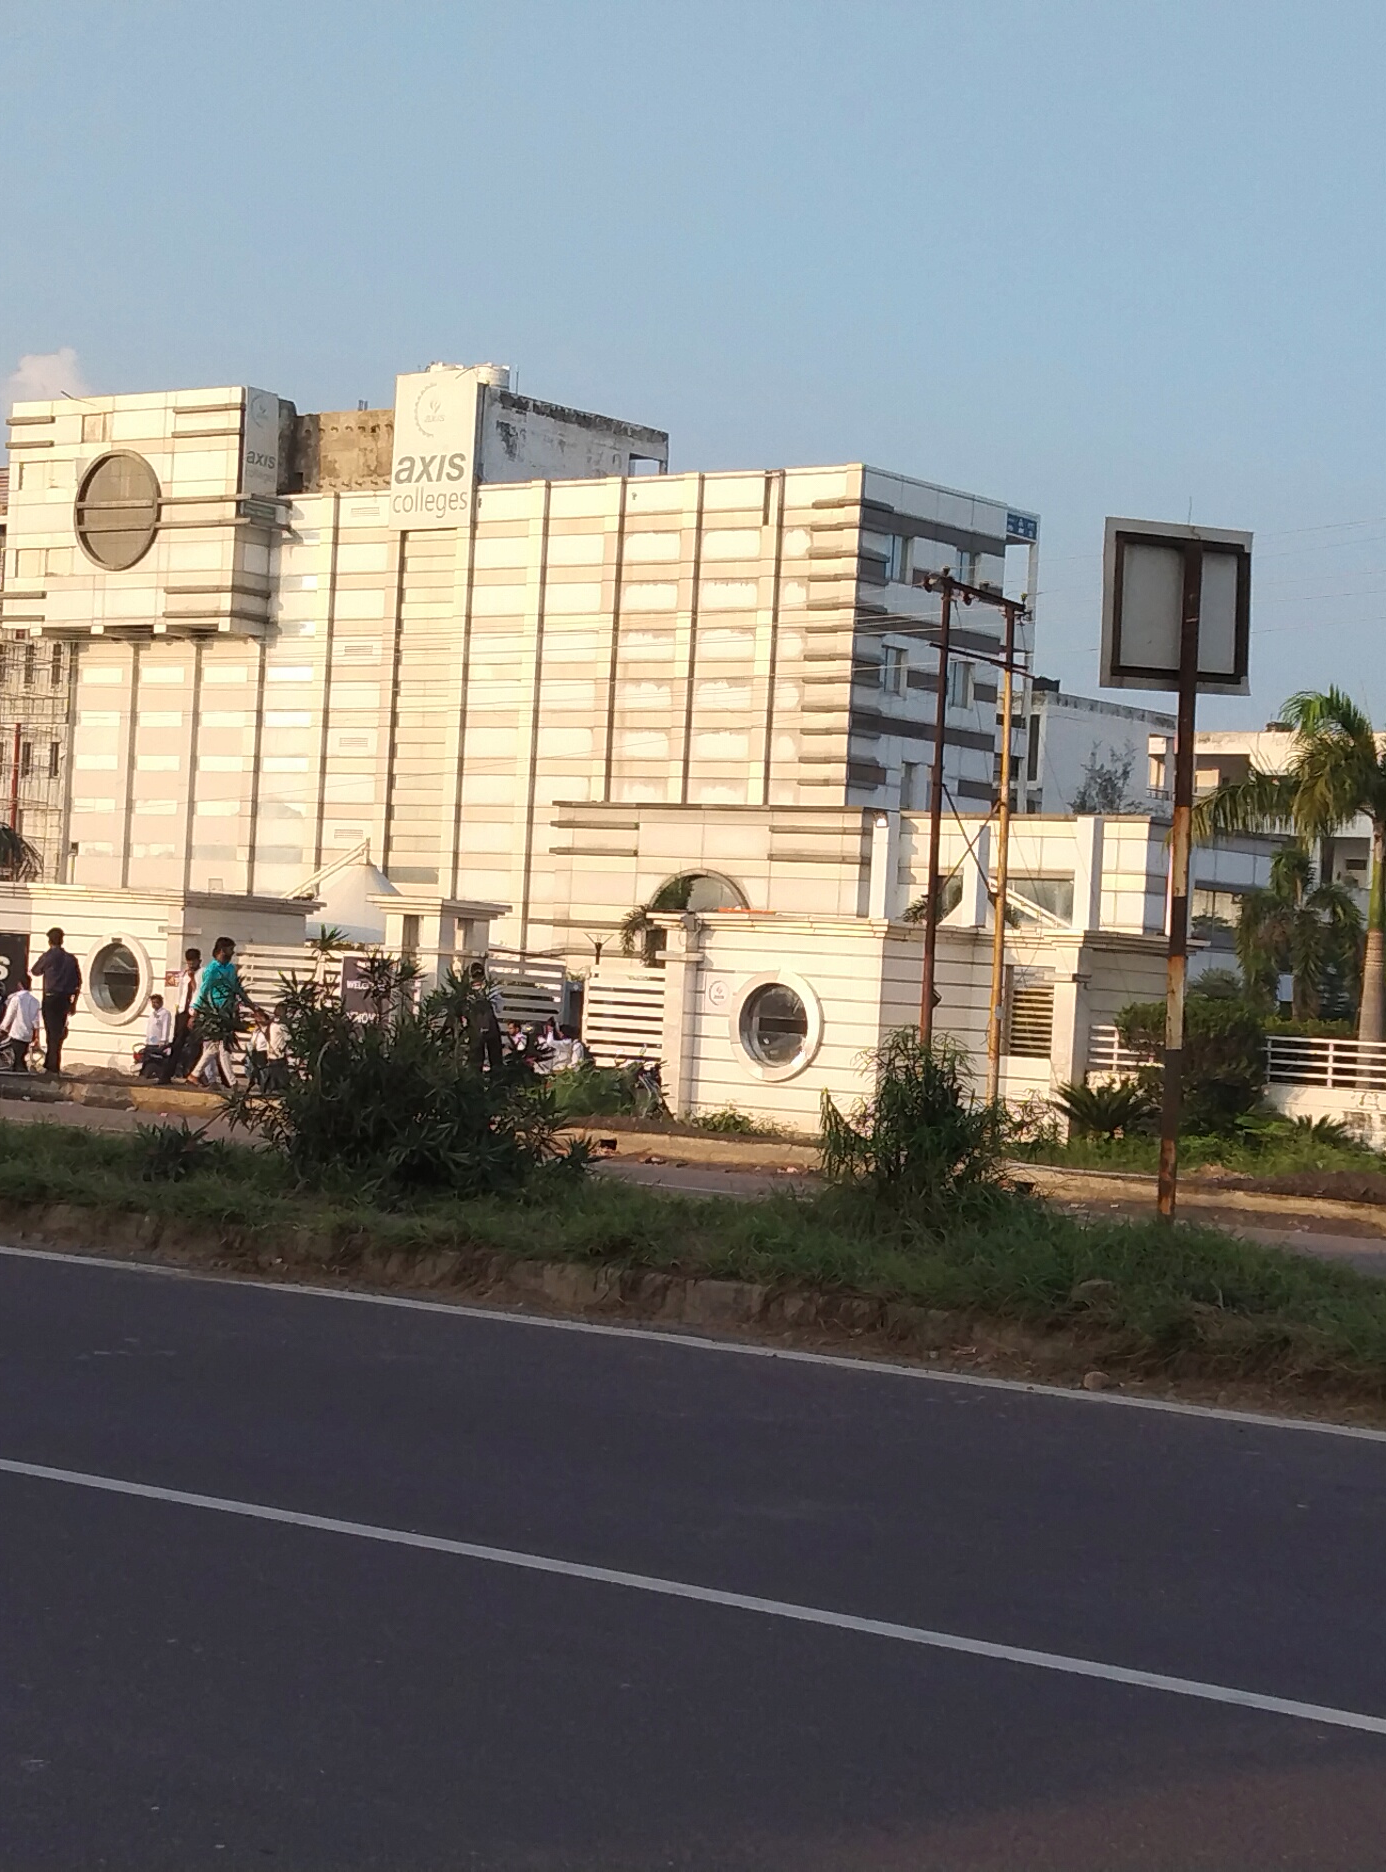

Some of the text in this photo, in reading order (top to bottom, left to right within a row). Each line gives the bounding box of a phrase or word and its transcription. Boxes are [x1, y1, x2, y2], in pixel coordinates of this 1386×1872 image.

----------

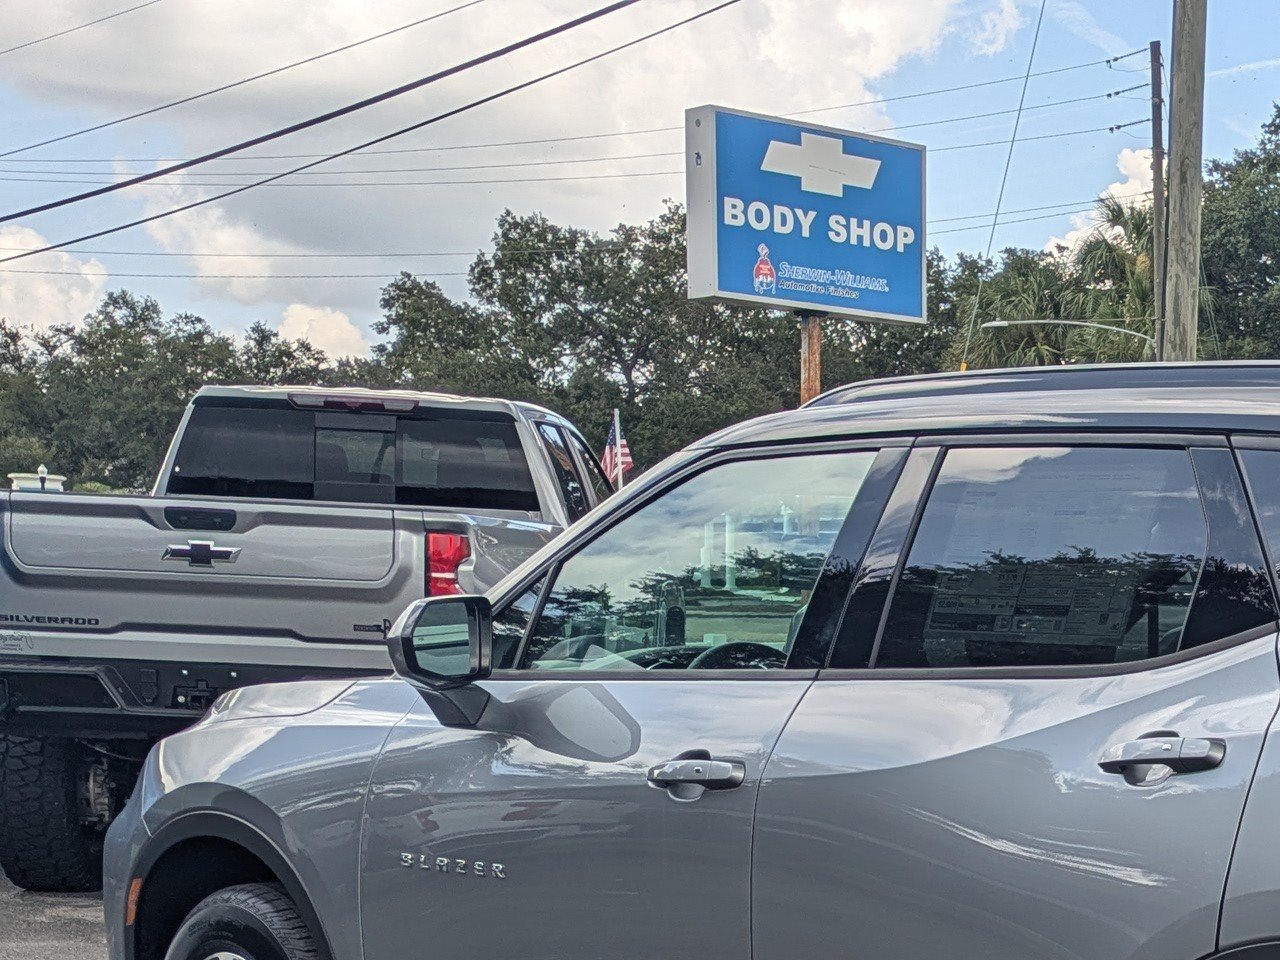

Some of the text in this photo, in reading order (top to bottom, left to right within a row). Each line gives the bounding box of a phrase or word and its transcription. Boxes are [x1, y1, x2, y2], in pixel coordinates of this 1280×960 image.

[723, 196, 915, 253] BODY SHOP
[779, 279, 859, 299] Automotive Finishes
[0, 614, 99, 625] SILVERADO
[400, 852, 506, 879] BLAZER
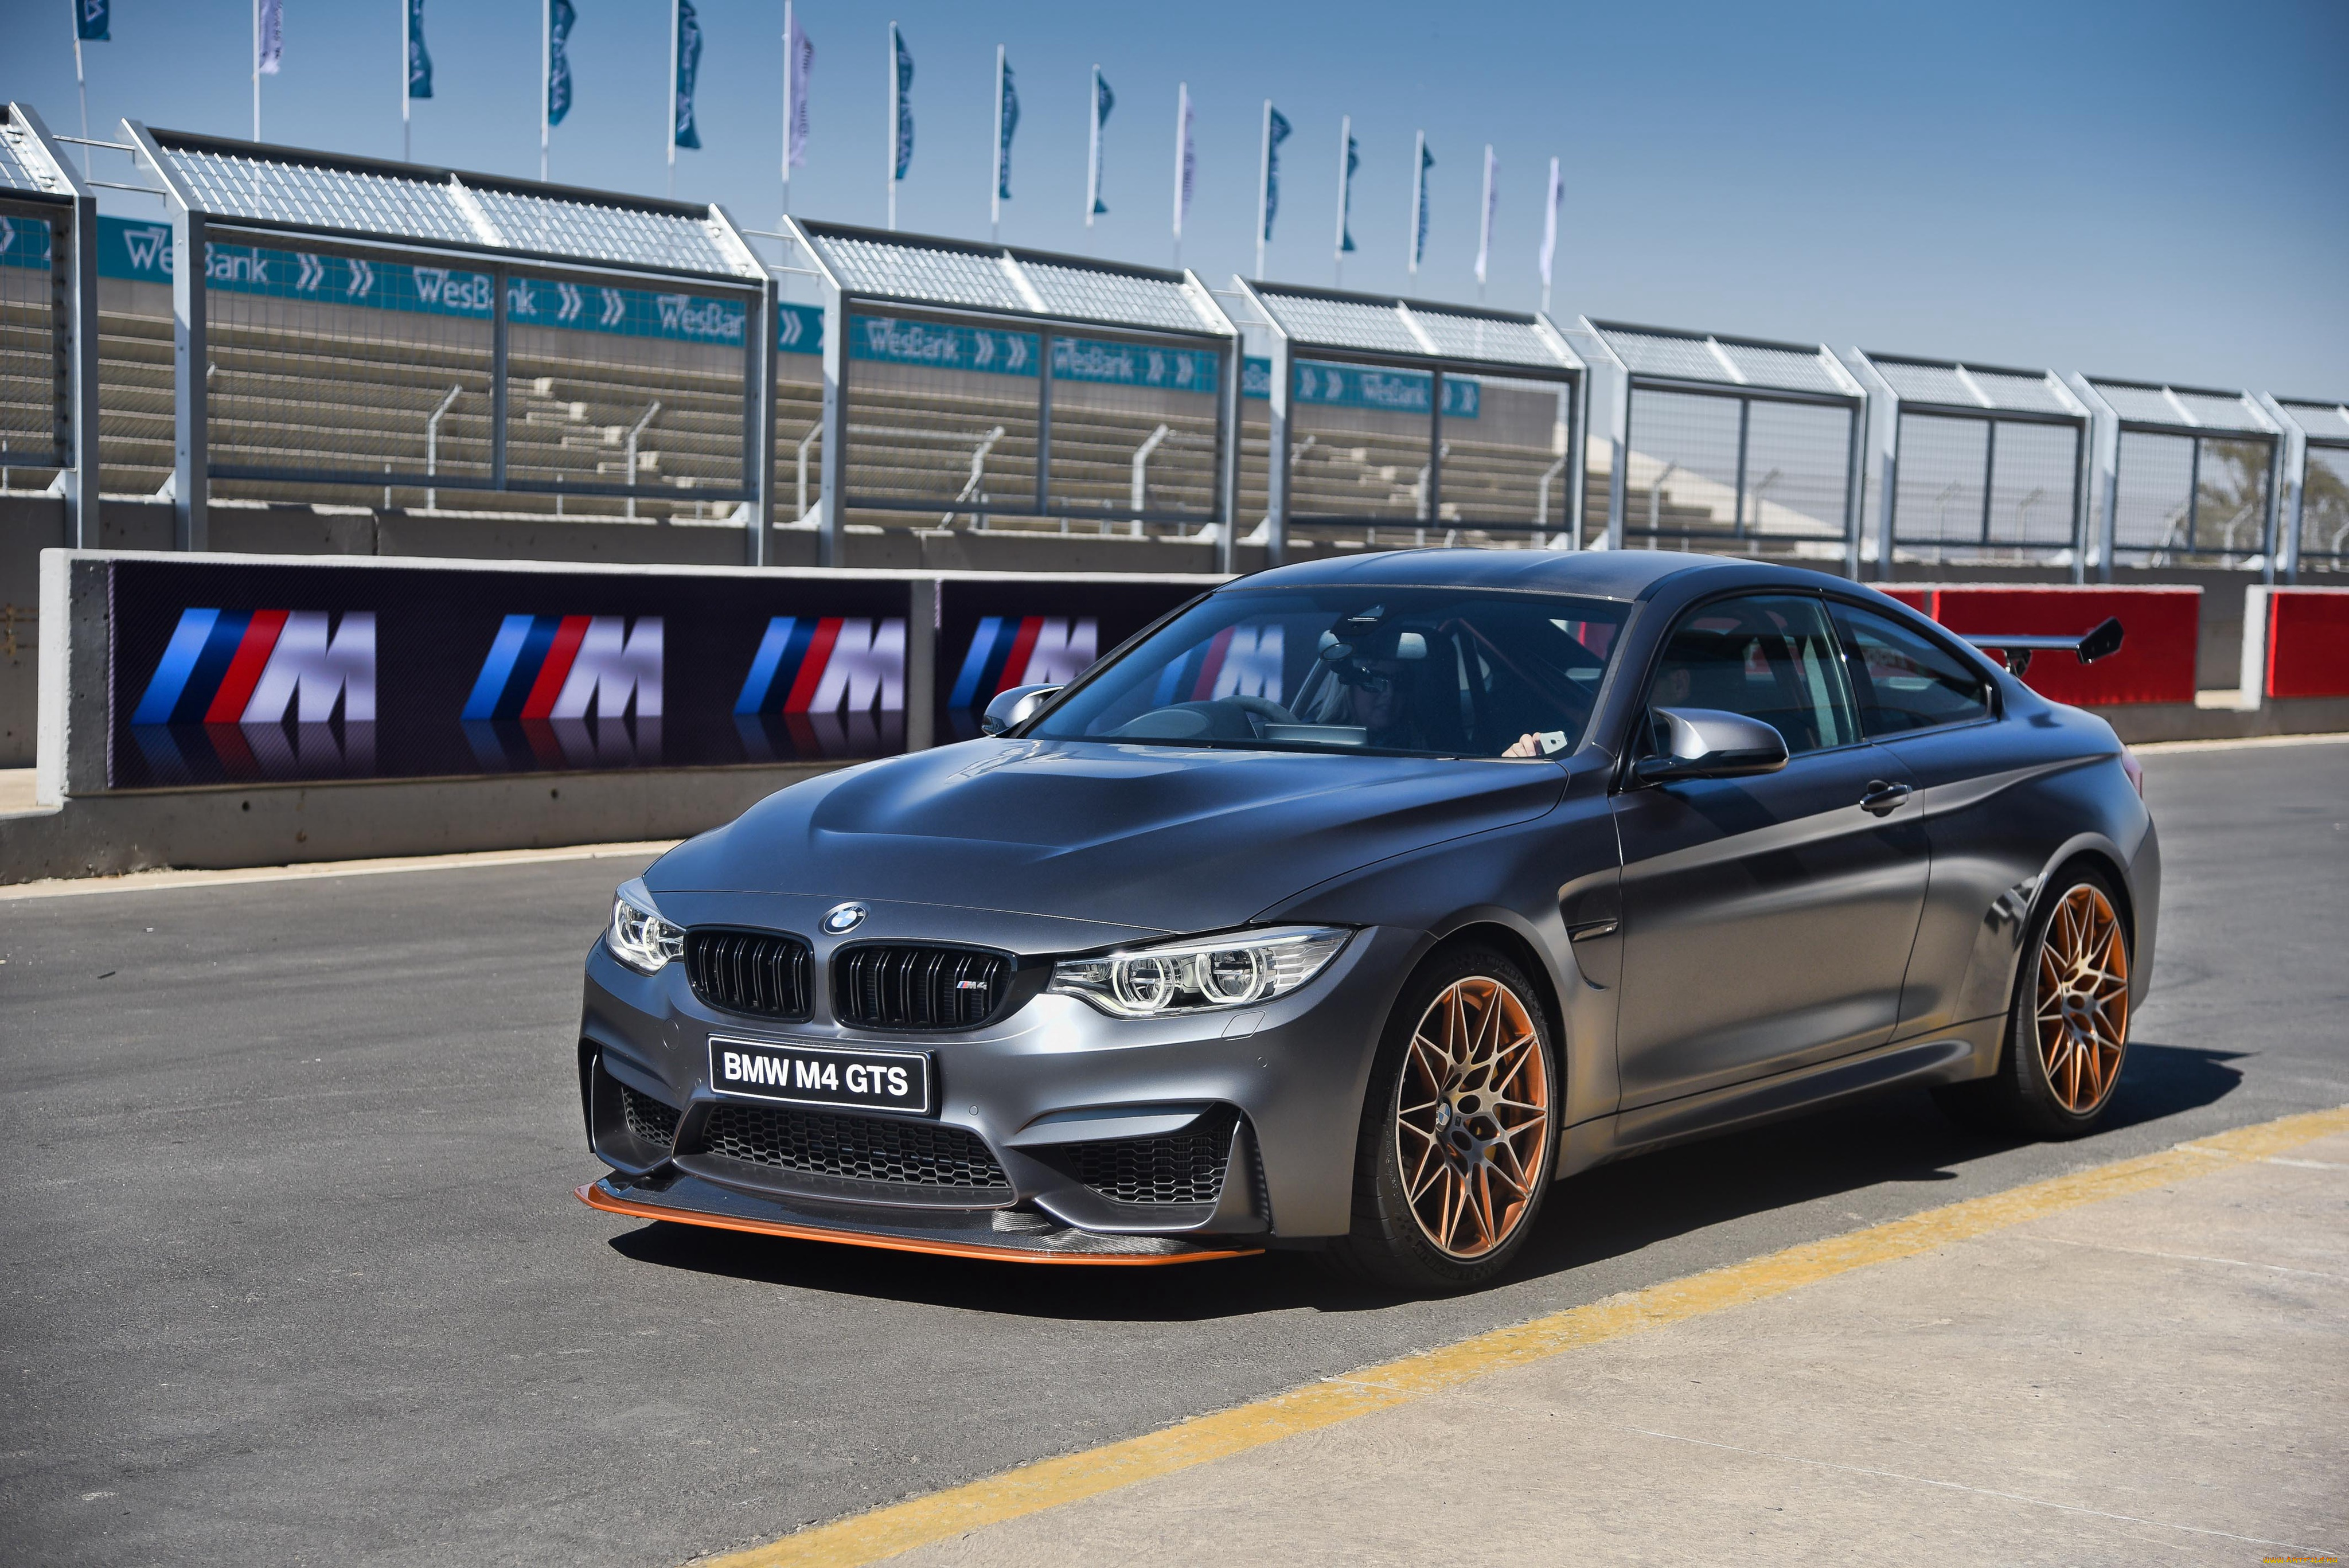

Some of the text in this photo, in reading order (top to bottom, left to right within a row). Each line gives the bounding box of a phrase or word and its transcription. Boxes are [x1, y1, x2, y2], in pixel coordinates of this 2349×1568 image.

----------

▸ PROBLEM REQUIREMENTS
Would you print exactly the lines in the listing above, from the line bearing "this 1280×960 image." through the line bearing "this 2349×1568 image.", leaving out all pictures?

▸ ANSWER SECTION
Some of the text in this photo, in reading order (top to bottom, left to right within a row). Each line gives the bounding box of a phrase or word and its transcription. Boxes are [x1, y1, x2, y2], in pixel coordinates of this 1280×960 image.

[723, 196, 915, 253] BODY SHOP
[779, 279, 859, 299] Automotive Finishes
[0, 614, 99, 625] SILVERADO
[400, 852, 506, 879] BLAZER

Some of the text in this photo, in reading order (top to bottom, left to right within a row). Each line gives the bounding box of a phrase or word and its transcription. Boxes are [x1, y1, x2, y2], in pixel coordinates of this 2349×1568 image.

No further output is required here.